When you repeat the entries below, please keep them exact and leave out the pictures.

*RECORDED DATA*
--- --- ---
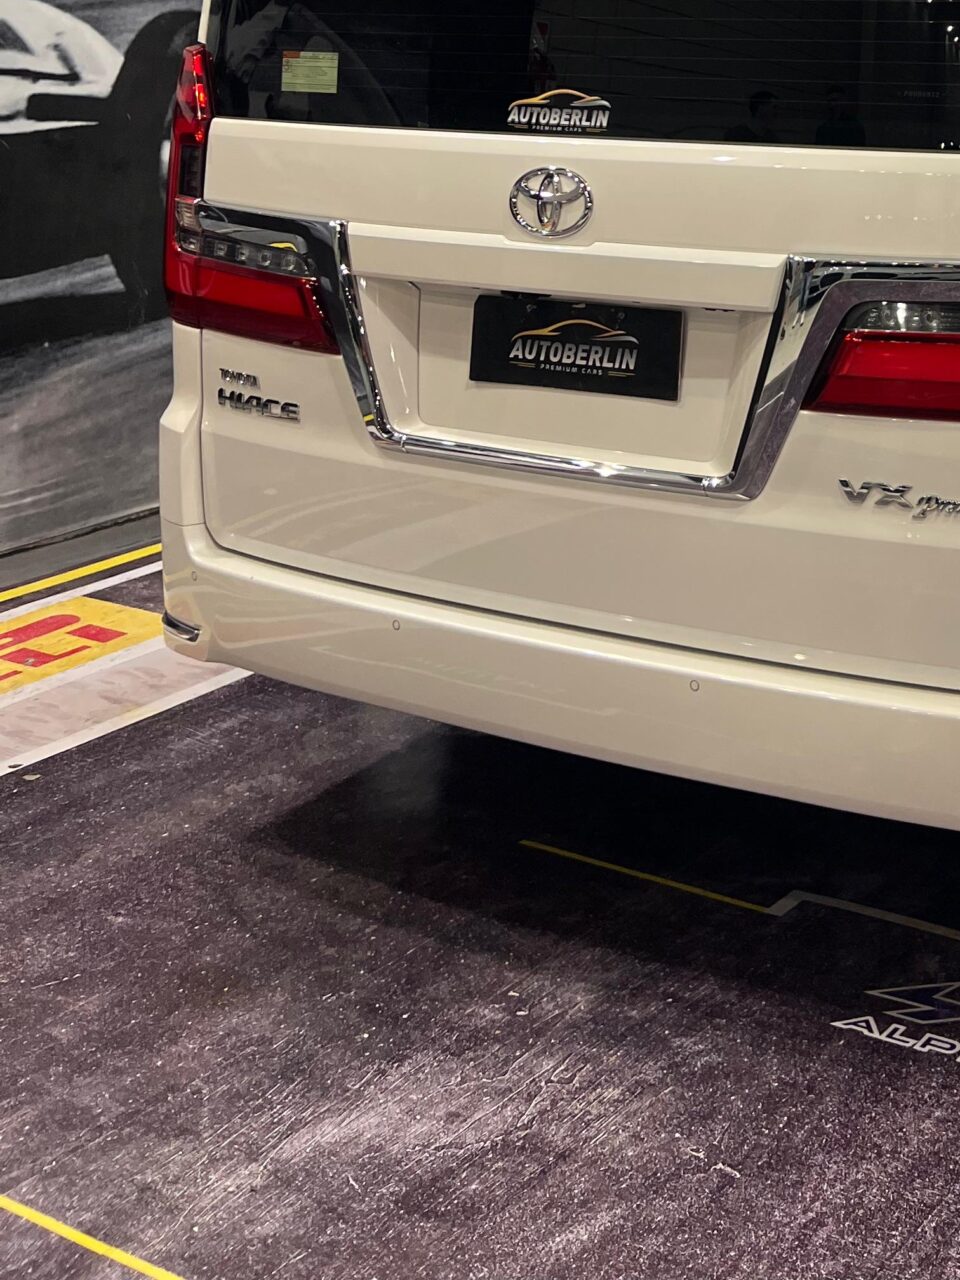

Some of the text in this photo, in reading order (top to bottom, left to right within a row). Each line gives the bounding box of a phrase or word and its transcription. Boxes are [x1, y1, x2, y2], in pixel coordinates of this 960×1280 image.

[507, 106, 610, 128] AUTOBERLIN
[509, 338, 638, 370] AUTOBERLIN
[540, 363, 603, 376] PREMIUM CARS
[217, 387, 301, 422] HIACE
[838, 478, 913, 509] VX
--- --- ---
*ANSWER TO THIS TASK*
Some of the text in this photo, in reading order (top to bottom, left to right within a row). Each line gives the bounding box of a phrase or word and its transcription. Boxes are [x1, y1, x2, y2], in pixel coordinates of this 960×1280 image.

[507, 106, 610, 128] AUTOBERLIN
[509, 338, 638, 370] AUTOBERLIN
[540, 363, 603, 376] PREMIUM CARS
[217, 387, 301, 422] HIACE
[838, 478, 913, 509] VX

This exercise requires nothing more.